I’m really directing this question at the lads who followed Newcastle United in the 1970s and 80s.
These were the eras of the the flamboyant flowing locks and lots of different variations of style.
The pop culture of forty or fifty years ago was so much more influential than what it is today.
From bands like the Sweet and Queen, right through to Jesus and Mary Chain, Echo and the Bunnymen and the Cult etc, their hairstyles of the day have been copied by young men on the terraces.
Of course we always had a good smattering of skins etc but I was one of the young lads that liked to keep my barnet longish.

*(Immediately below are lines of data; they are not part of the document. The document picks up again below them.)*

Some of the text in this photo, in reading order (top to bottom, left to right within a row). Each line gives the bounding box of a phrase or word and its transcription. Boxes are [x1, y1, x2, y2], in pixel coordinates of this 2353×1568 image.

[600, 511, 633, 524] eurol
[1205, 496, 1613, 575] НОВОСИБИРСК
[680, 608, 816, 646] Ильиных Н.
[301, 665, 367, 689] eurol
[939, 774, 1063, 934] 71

In the mid-seventies I would say well over 50% of footballers wore their locks fairly long.
The Toon had Jimmy Smith, there were the likes of Tony Currie, Stan Bowles and Frank Worthington. It was the duty of mavericks like these to wear their hair long.
It was in the early to mid 80s that the mullet came to the fore and I wasn’t at all keen. That all changed though at the beginning of the 1984/85 season.

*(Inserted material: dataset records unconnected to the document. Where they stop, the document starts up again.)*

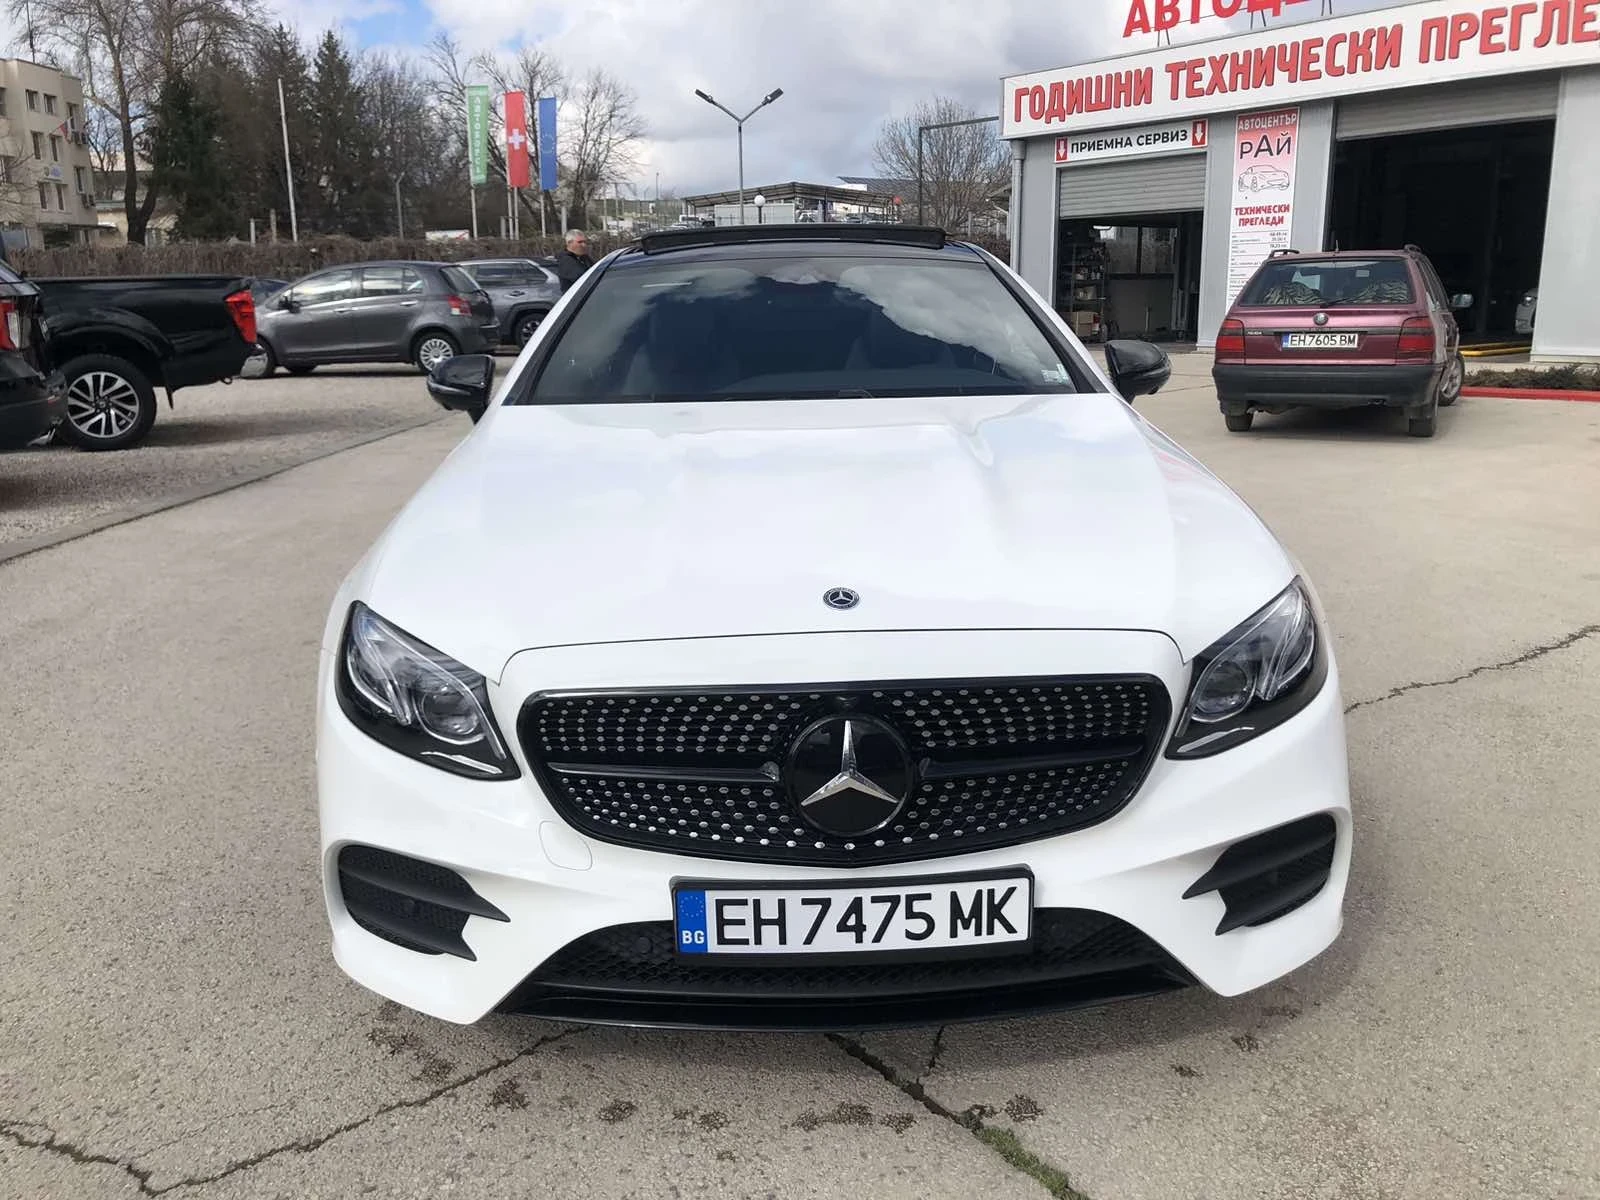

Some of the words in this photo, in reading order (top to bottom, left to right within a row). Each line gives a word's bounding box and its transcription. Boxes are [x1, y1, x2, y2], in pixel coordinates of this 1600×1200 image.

[1014, 67, 1153, 124] ГОДИШНИ
[1165, 23, 1403, 100] ТЕХНИЧЕСКИ
[1419, 0, 1600, 64] ПРЕГЛЕ
[1238, 113, 1297, 130] АВТОЦЕНТЪР
[1071, 137, 1133, 153] ПРИЕМНА
[1136, 129, 1188, 147] СЕРВИЗ
[1239, 131, 1292, 160] РАЙ
[1234, 203, 1290, 216] ТЕХНИЧЕСКИ
[1238, 215, 1285, 227] ПРЕГЛЕДИ
[1308, 335, 1337, 346] 7605
[1339, 334, 1357, 346] BM
[715, 898, 787, 946] EH
[801, 892, 936, 945] 7475
[949, 886, 1018, 939] MK
[682, 930, 705, 945] BG

After a Keegan inspired Newcastle United had gained promotion to the First Division only a few months earlier, Chris Waddle came back after pre-season with a bit of a mullet.
A few months later as it grew, he had the back loosely permed and the ‘Chrissy Waddle’ was born.
I was in my late teens and quickly succumbed along with a lot of blokes older than me.
I had my Waddler style on the day that United fans infiltrated the Fulwell End in 1985.
Chris left us in the summer of ’85 and the brief phenomenon he brought about on Tyneside quickly dissipated.
I also used to know a few older lads that got a perm in 1982 when King Kev arrived.
Now, quite a few of us look more like Temuri Ketsbaia than Chris Waddle, but it is still good to look back and smile at the times.